§ **Task brief**
Exact copies of all the entries are required, and no pictures should appear in them.

§ **Exercise materials**
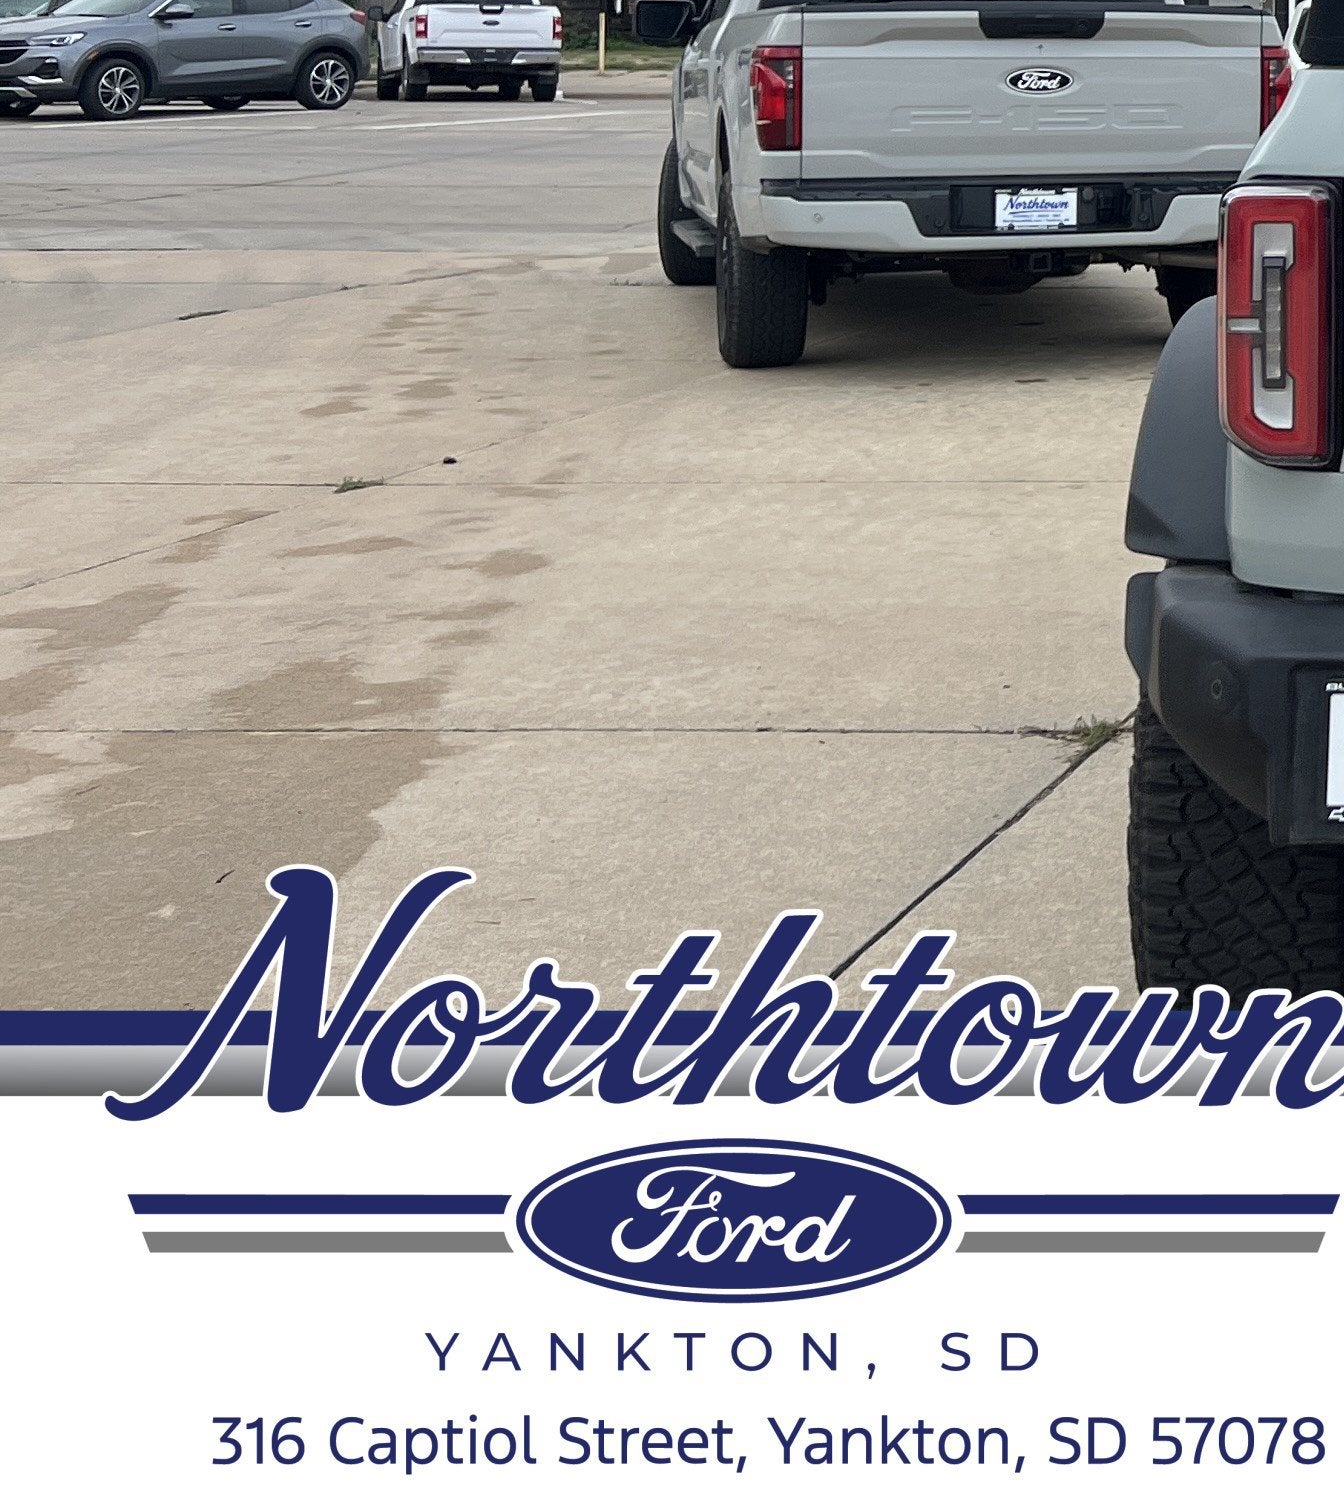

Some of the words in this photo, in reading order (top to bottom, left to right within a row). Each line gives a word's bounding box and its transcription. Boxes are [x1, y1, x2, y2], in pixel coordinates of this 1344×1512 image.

[1017, 72, 1061, 90] Ford
[891, 103, 1186, 132] F-150
[1003, 193, 1070, 211] Northtown
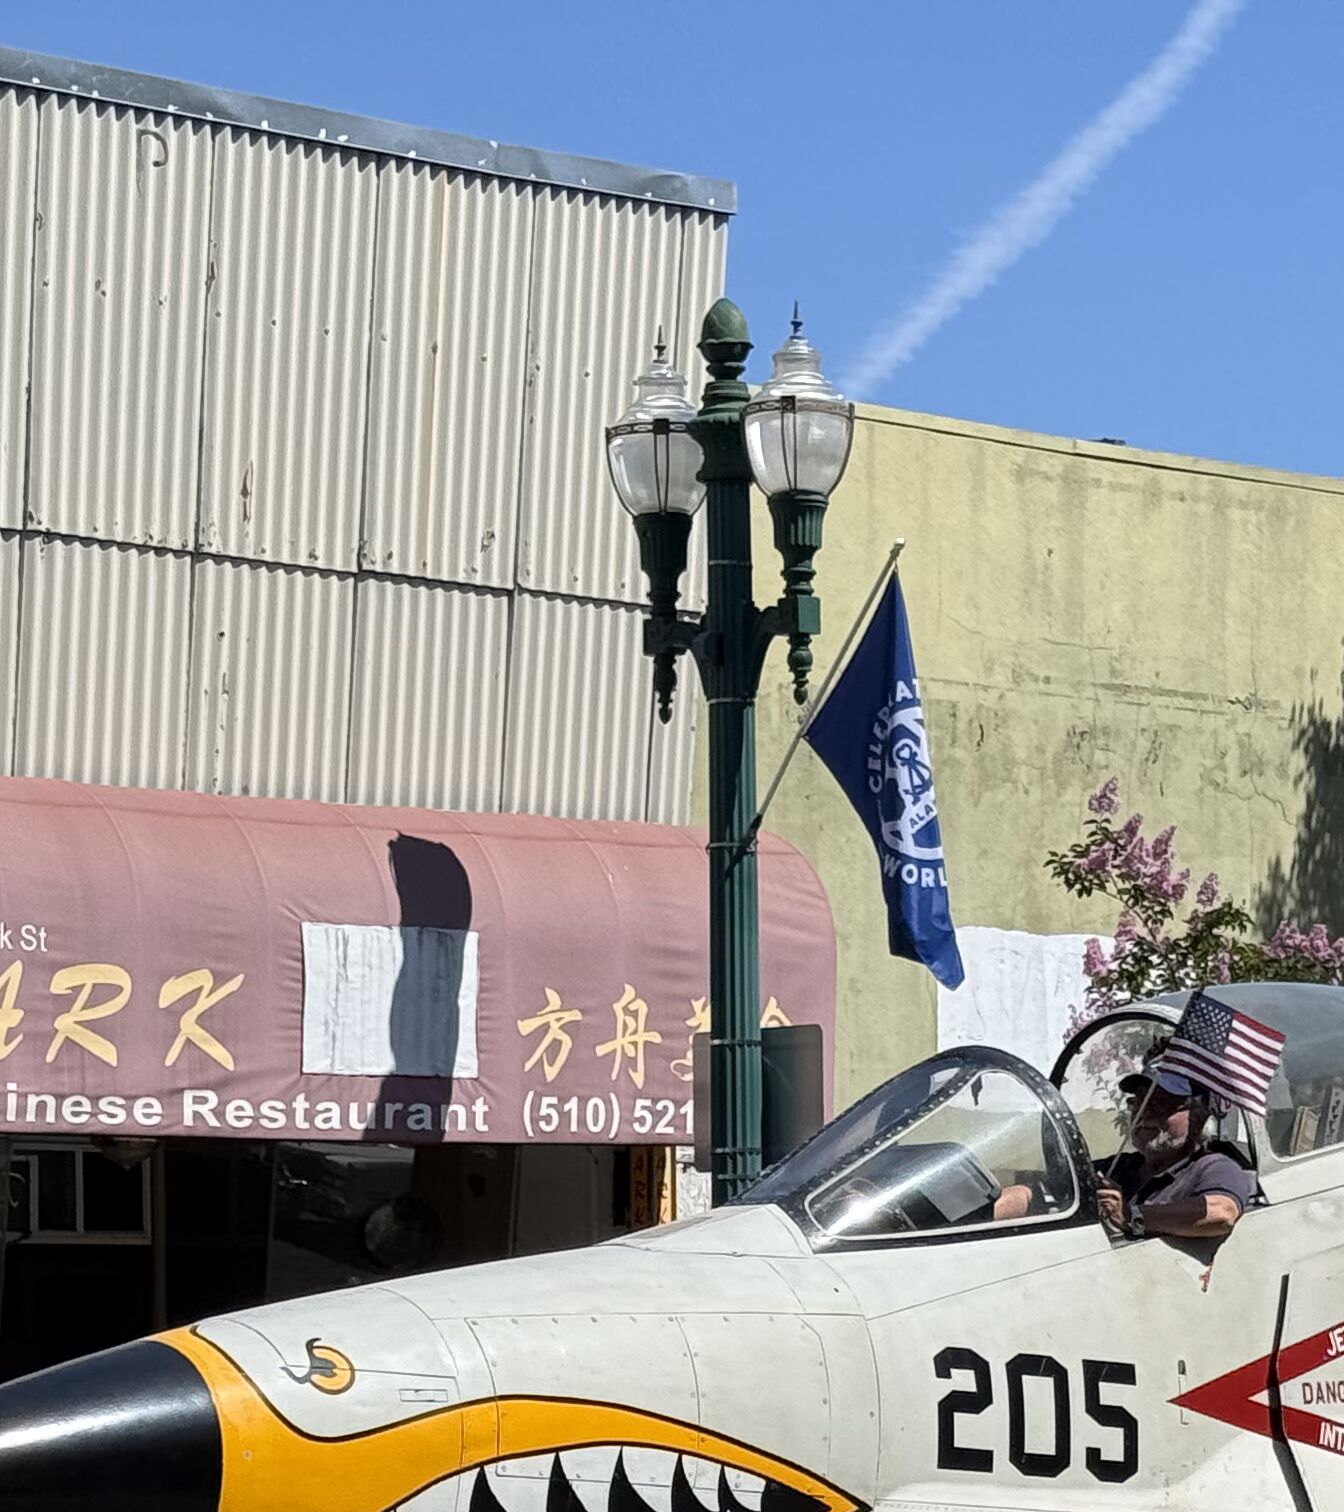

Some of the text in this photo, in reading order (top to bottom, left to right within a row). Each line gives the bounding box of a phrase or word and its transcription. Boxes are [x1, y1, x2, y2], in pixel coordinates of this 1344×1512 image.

[20, 924, 48, 952] St
[182, 1089, 489, 1133] Restaurant
[523, 1090, 620, 1139] (510)
[933, 1347, 1138, 1483] 205

§ **The completed task**
Some of the words in this photo, in reading order (top to bottom, left to right within a row). Each line gives a word's bounding box and its transcription. Boxes are [x1, y1, x2, y2], in pixel coordinates of this 1344×1512 image.

[1017, 72, 1061, 90] Ford
[891, 103, 1186, 132] F-150
[1003, 193, 1070, 211] Northtown

Some of the text in this photo, in reading order (top to bottom, left to right within a row). Each line gives the bounding box of a phrase or word and its transcription. Boxes are [x1, y1, x2, y2], in pixel coordinates of this 1344×1512 image.

[20, 924, 48, 952] St
[182, 1089, 489, 1133] Restaurant
[523, 1090, 620, 1139] (510)
[933, 1347, 1138, 1483] 205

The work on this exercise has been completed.